[Opening Extracted records section]

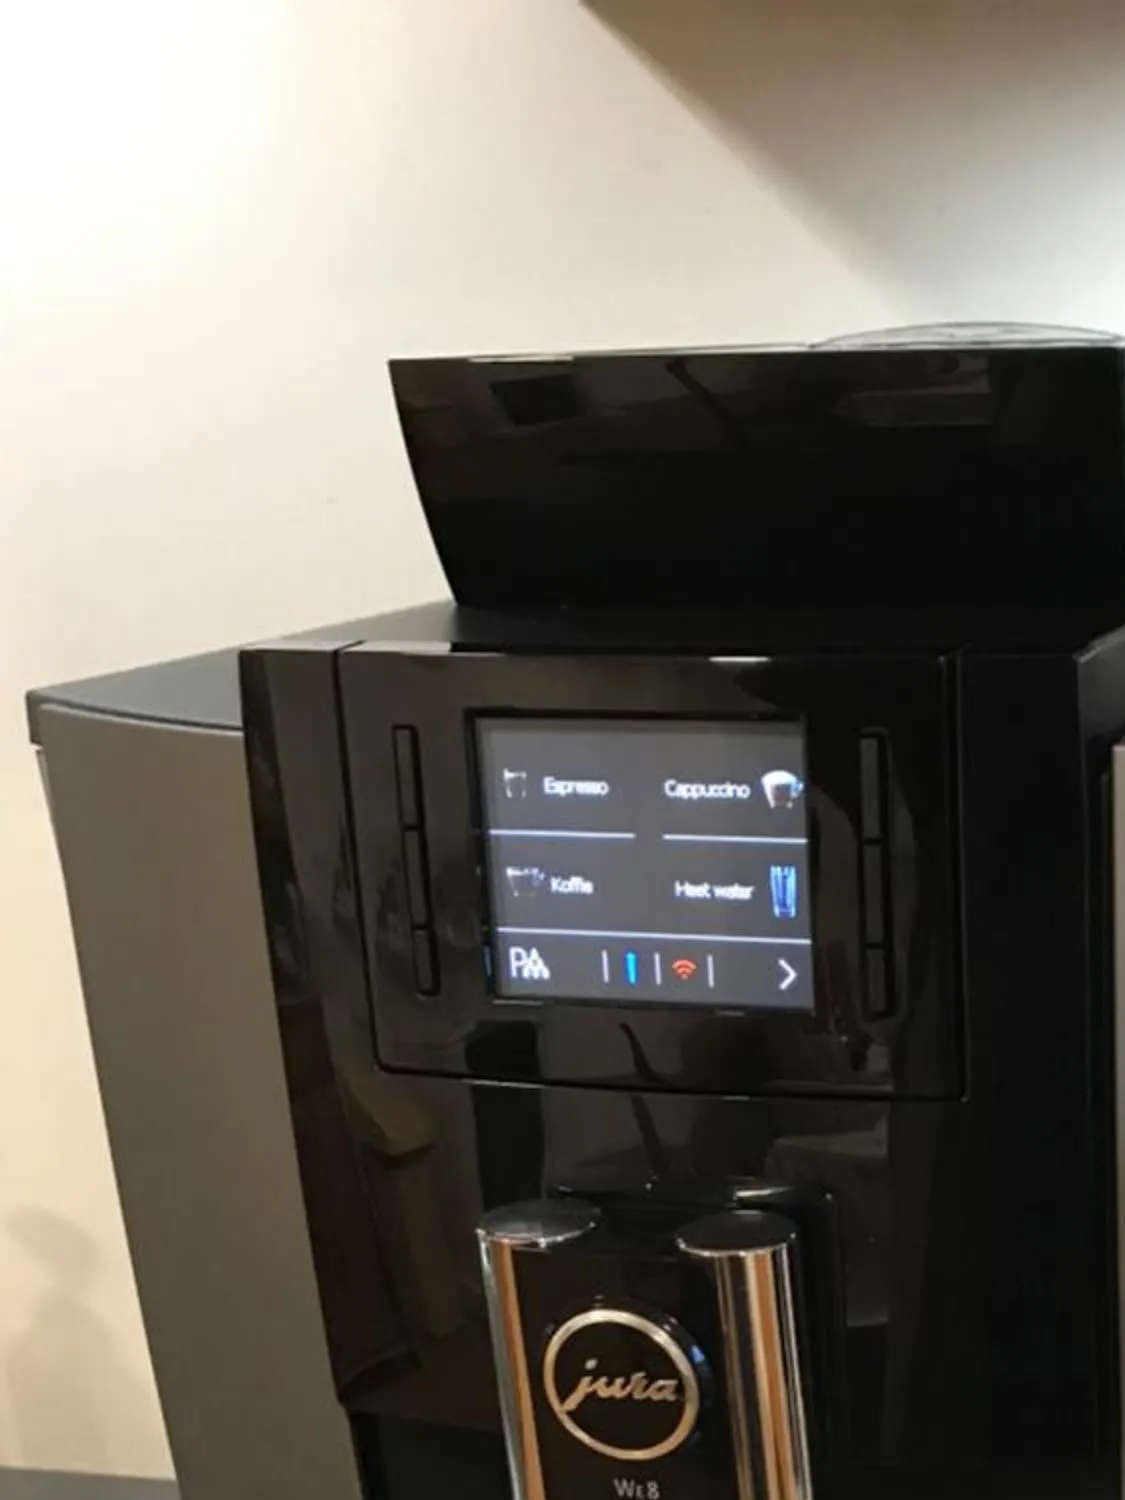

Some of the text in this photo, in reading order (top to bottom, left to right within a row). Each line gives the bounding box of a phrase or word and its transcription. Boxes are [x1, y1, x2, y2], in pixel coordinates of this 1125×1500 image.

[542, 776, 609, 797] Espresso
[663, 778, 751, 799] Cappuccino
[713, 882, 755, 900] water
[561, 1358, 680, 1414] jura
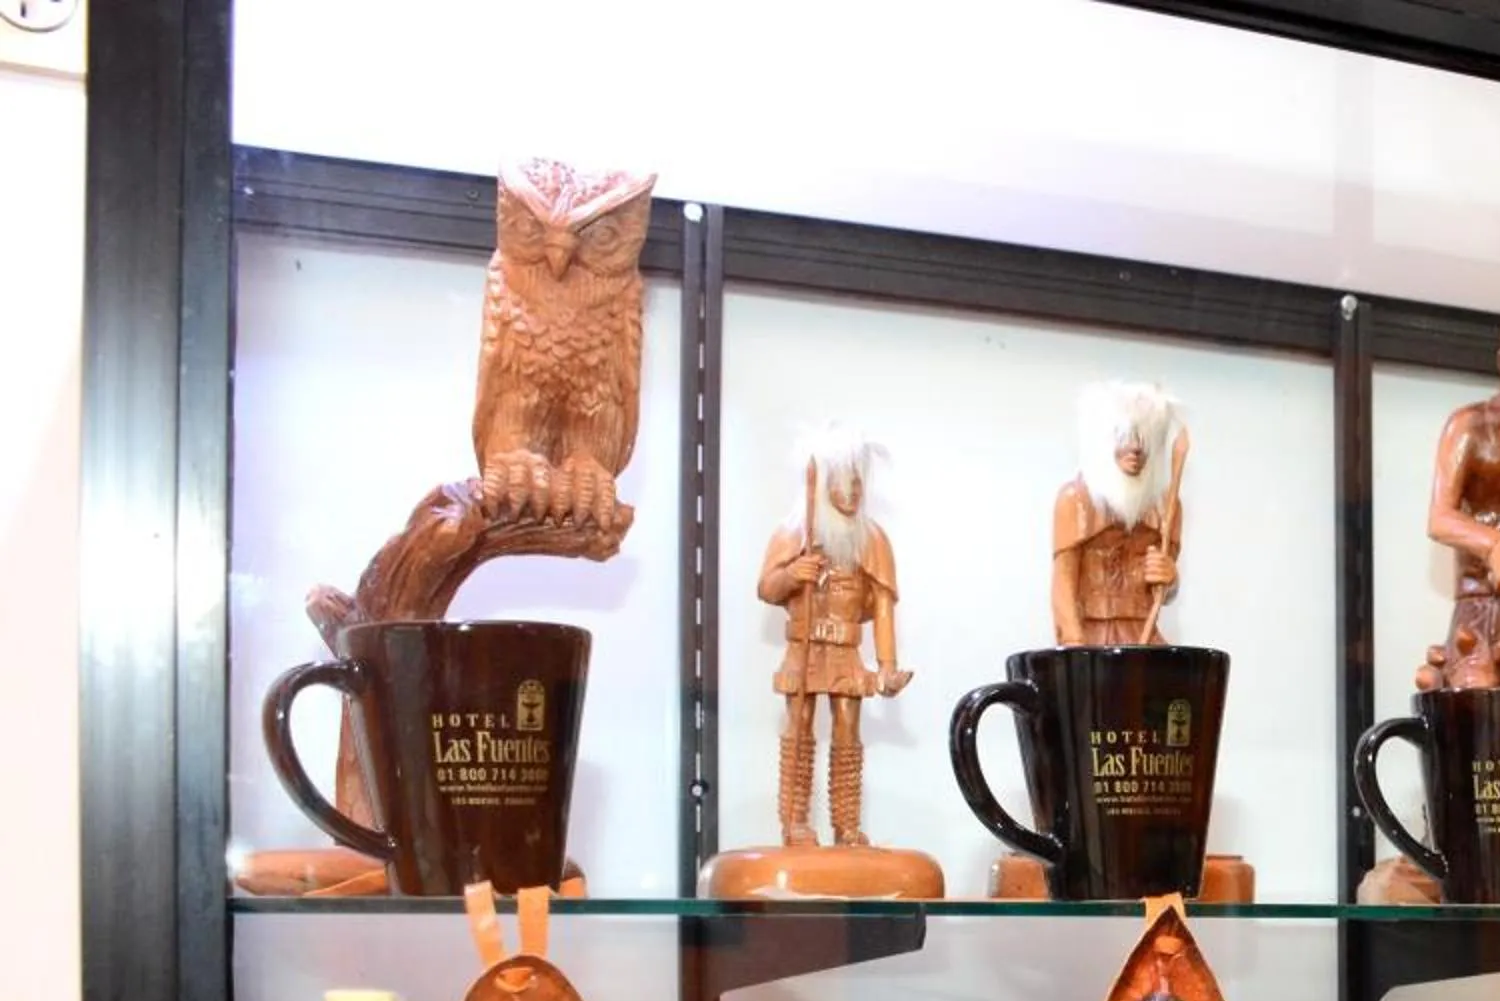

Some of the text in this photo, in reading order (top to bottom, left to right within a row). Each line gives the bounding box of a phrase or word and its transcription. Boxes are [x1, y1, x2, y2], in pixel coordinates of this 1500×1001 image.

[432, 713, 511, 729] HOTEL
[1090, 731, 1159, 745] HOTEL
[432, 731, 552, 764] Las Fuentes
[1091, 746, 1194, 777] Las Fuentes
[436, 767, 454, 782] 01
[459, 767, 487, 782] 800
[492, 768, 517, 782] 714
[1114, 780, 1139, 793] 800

[Closing Extracted records section]

- _Assigned task_: Include both ends. Return the line holding "this 1500×1001 image." and all lines after it in the records above, exactly as written.

- _Answer to this problem_:
Some of the text in this photo, in reading order (top to bottom, left to right within a row). Each line gives the bounding box of a phrase or word and its transcription. Boxes are [x1, y1, x2, y2], in pixel coordinates of this 1500×1001 image.

[432, 713, 511, 729] HOTEL
[1090, 731, 1159, 745] HOTEL
[432, 731, 552, 764] Las Fuentes
[1091, 746, 1194, 777] Las Fuentes
[436, 767, 454, 782] 01
[459, 767, 487, 782] 800
[492, 768, 517, 782] 714
[1114, 780, 1139, 793] 800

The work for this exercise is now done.